» **Goal of the exercise**:
Every record below is to be restated word for word, and no picture is to be copied.
________________________
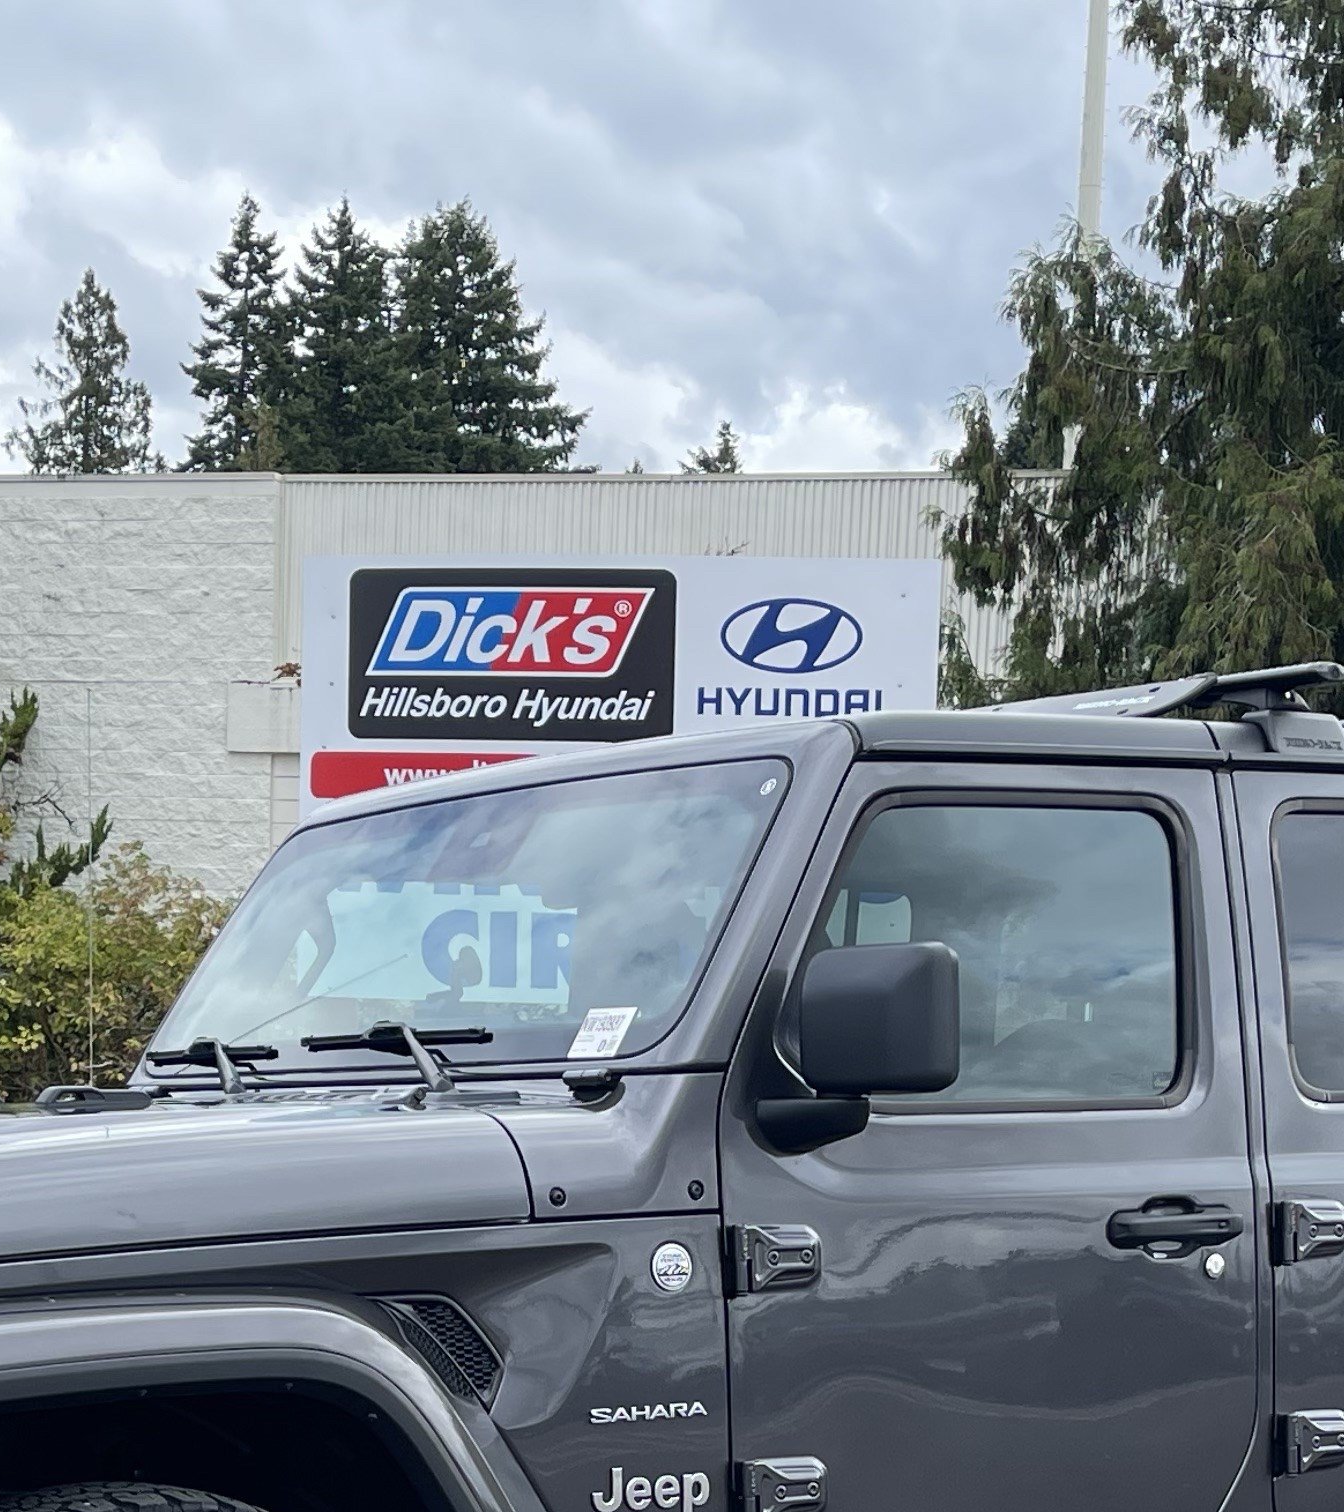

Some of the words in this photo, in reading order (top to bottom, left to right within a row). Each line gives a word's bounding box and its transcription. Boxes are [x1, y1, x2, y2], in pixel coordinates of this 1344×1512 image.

[359, 686, 508, 718] Hillsboro
[512, 688, 656, 727] Hyundai
[697, 686, 883, 718] HYUNDAI
[590, 1401, 708, 1424] SAHARA
________________________
» **Your response**:
Some of the words in this photo, in reading order (top to bottom, left to right within a row). Each line gives a word's bounding box and its transcription. Boxes are [x1, y1, x2, y2], in pixel coordinates of this 1344×1512 image.

[359, 686, 508, 718] Hillsboro
[512, 688, 656, 727] Hyundai
[697, 686, 883, 718] HYUNDAI
[590, 1401, 708, 1424] SAHARA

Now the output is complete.